Sometimes it is hard to remember just how far computers have come in the last three or four decades. An old NASA video (see below) has been restored with better sound and video recently that shows what passed for a giant computer in 1986. The Cray 2 runs at 250 MHz and had two gigabytes of memory (256 megabytes of 64-bit words).

Despite the breathless praise, history hasn’t been kind to the Cray 2. Based on ECL, it had 4 processors and –in theory — could reach 1,900 megaFLOPs/second (a FLOP is a floating point operation). However, practical problems made it difficult to get to that theoretical maximum.

Still, it was the fastest computer of its day and that amount of memory in 1986 was stunning. A 1987 Radio Shack catalog, for example, shows a Tandy 1000 SX that could run at over 7 MHz, had 384K of RAM, and not one but two floppy drives for only $1,199.00. Well, you’d need to pay extra for the monitor, but still. The year after that, $2,600 would get you the 4000 that ran at 16 Mhz with an 80386 onboard. For that price you got a full megabyte of memory. There were two empty slots for a hard drive and you’d still need to buy both a monitor and a display card! The Cray had 2,000 times that much memory and could probably get to it a lot faster, too. Of course, it also cost around $16 million. It is always dicey to compare speeds of different computers, but we read that the iPad 2 is about as fast as the Cray 2.

Of course, the sticker price was just the start. The 5,500 pound computer could burn up to 200 kilowatts of electricity and we have a feeling the special 3M liquid that cooled the thing wasn’t that cheap either. Apparently, some lasers use a similar fluid and we found some of that currently available for about $500 for a 1000 cc container.

Computer History has a nice scan of an old Cray sales brochure you might enjoy.
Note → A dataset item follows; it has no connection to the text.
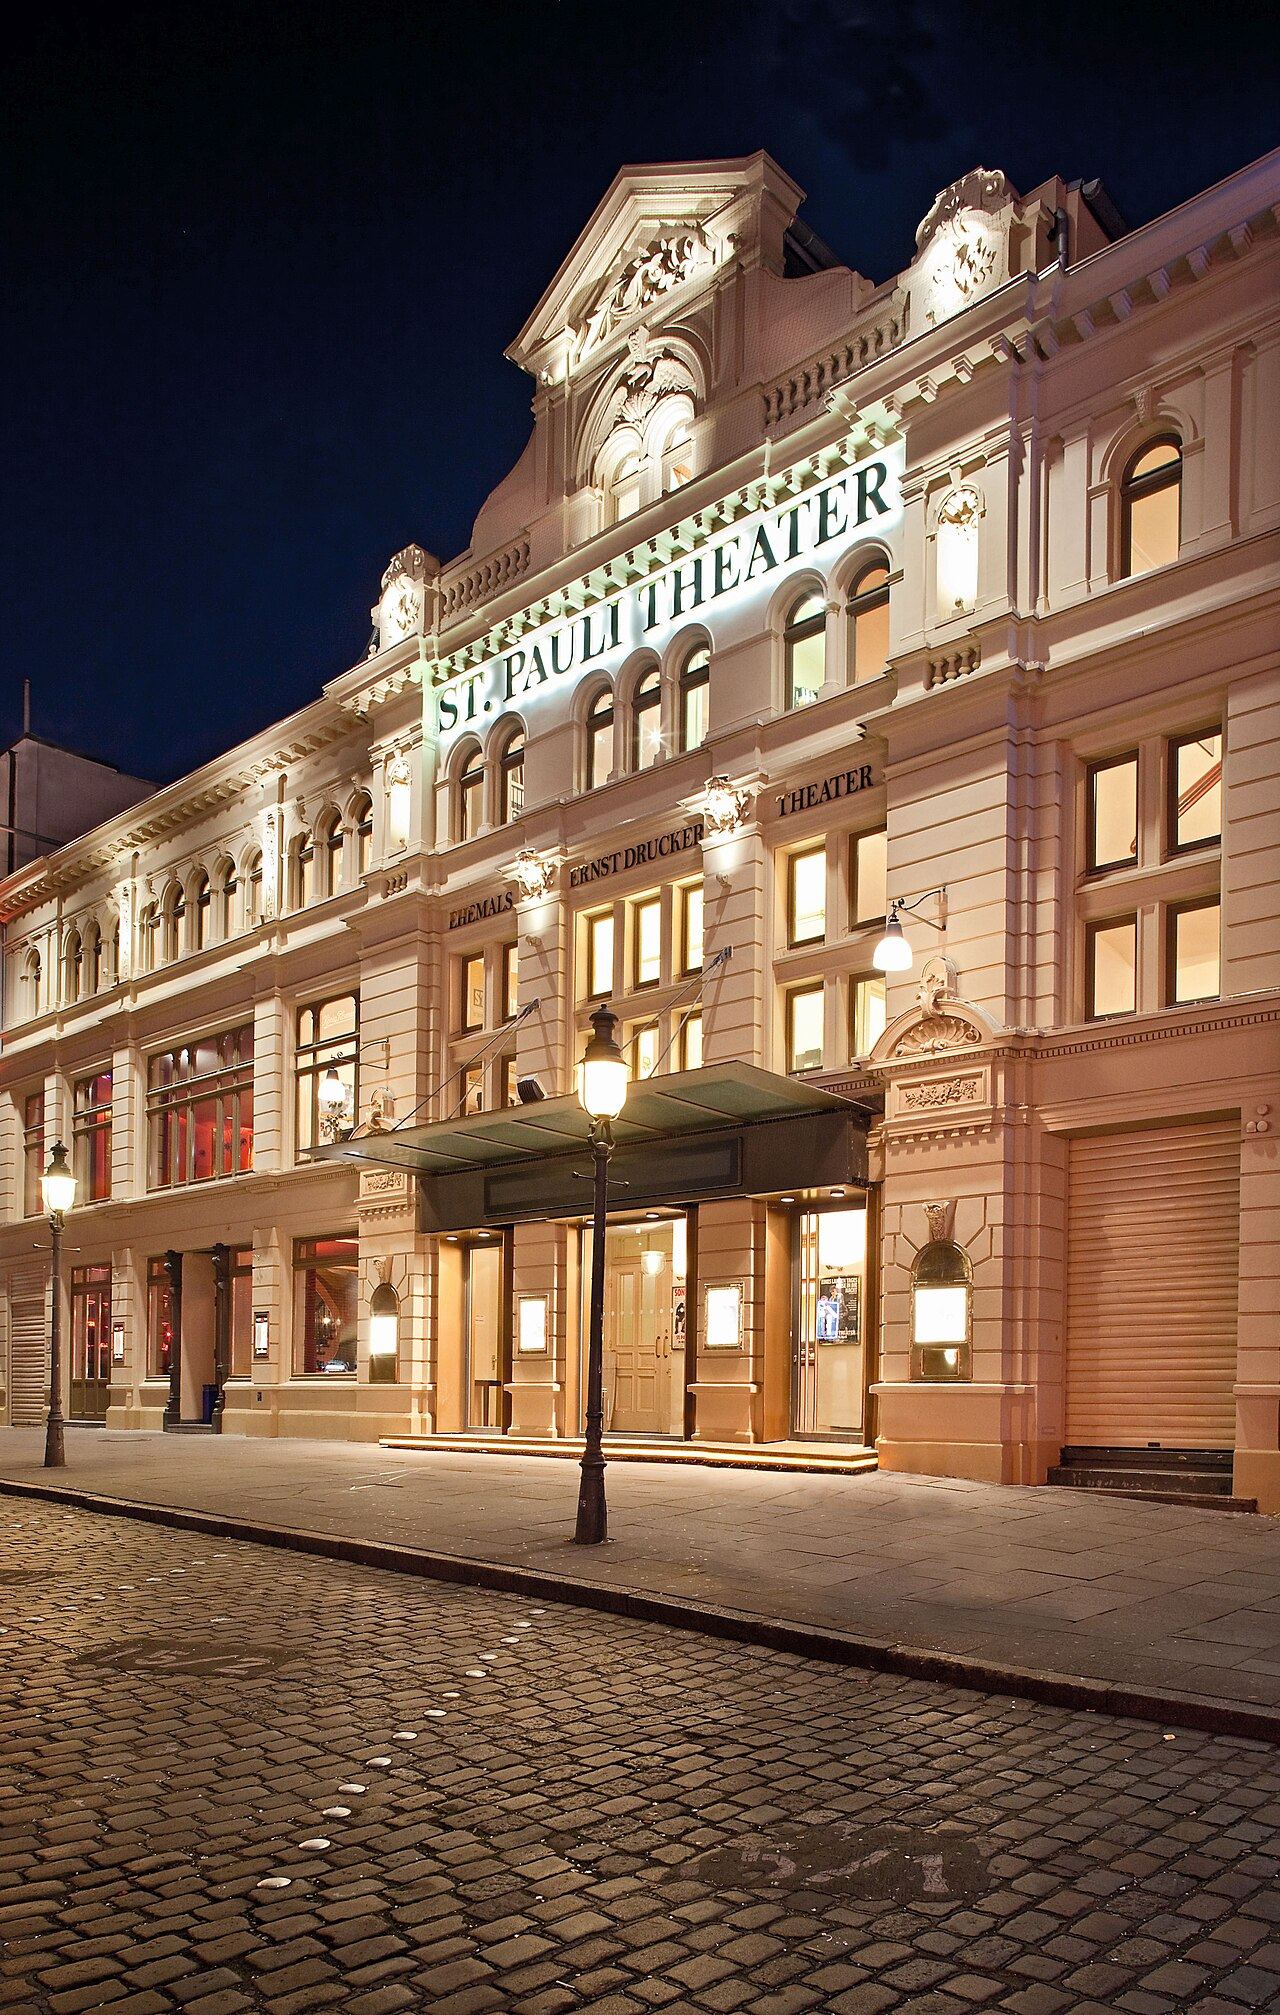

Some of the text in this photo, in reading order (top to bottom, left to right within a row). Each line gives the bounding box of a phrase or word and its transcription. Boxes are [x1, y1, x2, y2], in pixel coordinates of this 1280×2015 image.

[438, 462, 892, 734] ST. PAULI THEATER
[449, 764, 874, 930] EHEMALS ERNST DRUCKER THEATER
We got a chuckle out of the page describing it as “compact” with 14 vertical columns taking up “only” 16 square feet of floor space. You had to have space for the 320 pluggable modules. For a sales brochure, it goes into a lot of detail with block diagrams and discussions about the actual architecture. The memory bandwidth, according to the brochure, is a cool 8 billion gigabytes per second. We also found it interesting that the system had motor generators to produce the 400 Hz power the system needed.

If you don’t have 16 square feet and the three-phase power service to operate one of these, we’ve seen a knock off Cray-1 that looks cool. Or you can disguise your PC, although if it isn’t water-cooled, that seems somehow inappropriate.